Problem requirements
Exactly reproduce the line that contains "this 1280×1280 image." and all lines after it in the entries below, through the very last line.

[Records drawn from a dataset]
+ + + + + + +

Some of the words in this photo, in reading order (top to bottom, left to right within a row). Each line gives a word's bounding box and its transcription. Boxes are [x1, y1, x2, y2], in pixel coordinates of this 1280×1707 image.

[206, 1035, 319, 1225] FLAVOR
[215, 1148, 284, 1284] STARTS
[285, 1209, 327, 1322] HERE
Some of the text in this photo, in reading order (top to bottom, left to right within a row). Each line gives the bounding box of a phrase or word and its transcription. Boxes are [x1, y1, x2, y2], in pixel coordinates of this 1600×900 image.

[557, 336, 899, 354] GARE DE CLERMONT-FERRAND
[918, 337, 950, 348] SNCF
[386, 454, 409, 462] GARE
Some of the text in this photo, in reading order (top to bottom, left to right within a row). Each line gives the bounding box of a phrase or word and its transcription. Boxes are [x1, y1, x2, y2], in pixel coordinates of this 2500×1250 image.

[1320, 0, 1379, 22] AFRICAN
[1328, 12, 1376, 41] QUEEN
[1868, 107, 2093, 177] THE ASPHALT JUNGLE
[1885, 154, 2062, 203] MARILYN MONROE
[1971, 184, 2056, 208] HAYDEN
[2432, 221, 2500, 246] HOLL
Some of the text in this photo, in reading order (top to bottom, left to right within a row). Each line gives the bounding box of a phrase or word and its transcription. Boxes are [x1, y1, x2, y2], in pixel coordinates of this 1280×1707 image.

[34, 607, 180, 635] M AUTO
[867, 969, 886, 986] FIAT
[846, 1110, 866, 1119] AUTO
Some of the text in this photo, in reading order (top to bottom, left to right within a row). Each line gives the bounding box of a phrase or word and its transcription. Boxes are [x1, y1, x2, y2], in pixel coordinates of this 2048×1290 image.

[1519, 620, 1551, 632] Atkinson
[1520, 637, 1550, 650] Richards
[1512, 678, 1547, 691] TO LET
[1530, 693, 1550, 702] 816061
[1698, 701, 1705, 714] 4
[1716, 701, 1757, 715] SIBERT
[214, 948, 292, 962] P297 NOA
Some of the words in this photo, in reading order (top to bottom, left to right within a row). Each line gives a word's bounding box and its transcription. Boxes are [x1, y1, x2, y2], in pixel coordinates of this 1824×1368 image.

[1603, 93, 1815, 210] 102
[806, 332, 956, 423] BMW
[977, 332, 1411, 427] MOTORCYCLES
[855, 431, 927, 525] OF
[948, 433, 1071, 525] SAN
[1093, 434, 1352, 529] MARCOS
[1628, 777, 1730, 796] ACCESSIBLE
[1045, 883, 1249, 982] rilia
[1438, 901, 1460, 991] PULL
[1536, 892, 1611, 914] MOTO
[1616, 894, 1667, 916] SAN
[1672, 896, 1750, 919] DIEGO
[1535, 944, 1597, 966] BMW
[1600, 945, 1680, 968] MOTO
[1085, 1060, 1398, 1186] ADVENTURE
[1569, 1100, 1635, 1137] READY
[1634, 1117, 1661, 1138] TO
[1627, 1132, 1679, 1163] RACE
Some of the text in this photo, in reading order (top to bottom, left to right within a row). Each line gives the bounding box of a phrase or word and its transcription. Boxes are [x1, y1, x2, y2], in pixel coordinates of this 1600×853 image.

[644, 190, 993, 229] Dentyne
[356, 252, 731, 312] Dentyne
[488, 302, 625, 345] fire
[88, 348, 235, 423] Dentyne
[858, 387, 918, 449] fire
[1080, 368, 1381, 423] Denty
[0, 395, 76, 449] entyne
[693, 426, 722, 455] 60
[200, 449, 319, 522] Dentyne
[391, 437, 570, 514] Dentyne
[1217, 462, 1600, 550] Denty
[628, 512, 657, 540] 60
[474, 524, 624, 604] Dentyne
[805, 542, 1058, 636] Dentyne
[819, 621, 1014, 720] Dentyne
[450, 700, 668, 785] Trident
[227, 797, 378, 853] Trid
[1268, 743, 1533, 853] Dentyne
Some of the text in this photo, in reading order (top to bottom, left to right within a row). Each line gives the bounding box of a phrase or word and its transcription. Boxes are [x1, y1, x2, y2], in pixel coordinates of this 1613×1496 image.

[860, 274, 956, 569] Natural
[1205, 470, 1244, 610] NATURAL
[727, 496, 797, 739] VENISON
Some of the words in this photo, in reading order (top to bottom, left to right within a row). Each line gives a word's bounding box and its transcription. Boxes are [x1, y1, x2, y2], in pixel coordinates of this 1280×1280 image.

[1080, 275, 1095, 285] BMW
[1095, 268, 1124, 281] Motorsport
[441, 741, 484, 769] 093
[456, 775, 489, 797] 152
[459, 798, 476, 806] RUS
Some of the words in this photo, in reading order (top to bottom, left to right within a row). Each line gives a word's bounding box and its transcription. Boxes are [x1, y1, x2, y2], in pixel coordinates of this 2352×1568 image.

+ + + + + + +

Your solution
Some of the words in this photo, in reading order (top to bottom, left to right within a row). Each line gives a word's bounding box and its transcription. Boxes are [x1, y1, x2, y2], in pixel coordinates of this 1280×1280 image.

[1080, 275, 1095, 285] BMW
[1095, 268, 1124, 281] Motorsport
[441, 741, 484, 769] 093
[456, 775, 489, 797] 152
[459, 798, 476, 806] RUS
Some of the words in this photo, in reading order (top to bottom, left to right within a row). Each line gives a word's bounding box and its transcription. Boxes are [x1, y1, x2, y2], in pixel coordinates of this 2352×1568 image.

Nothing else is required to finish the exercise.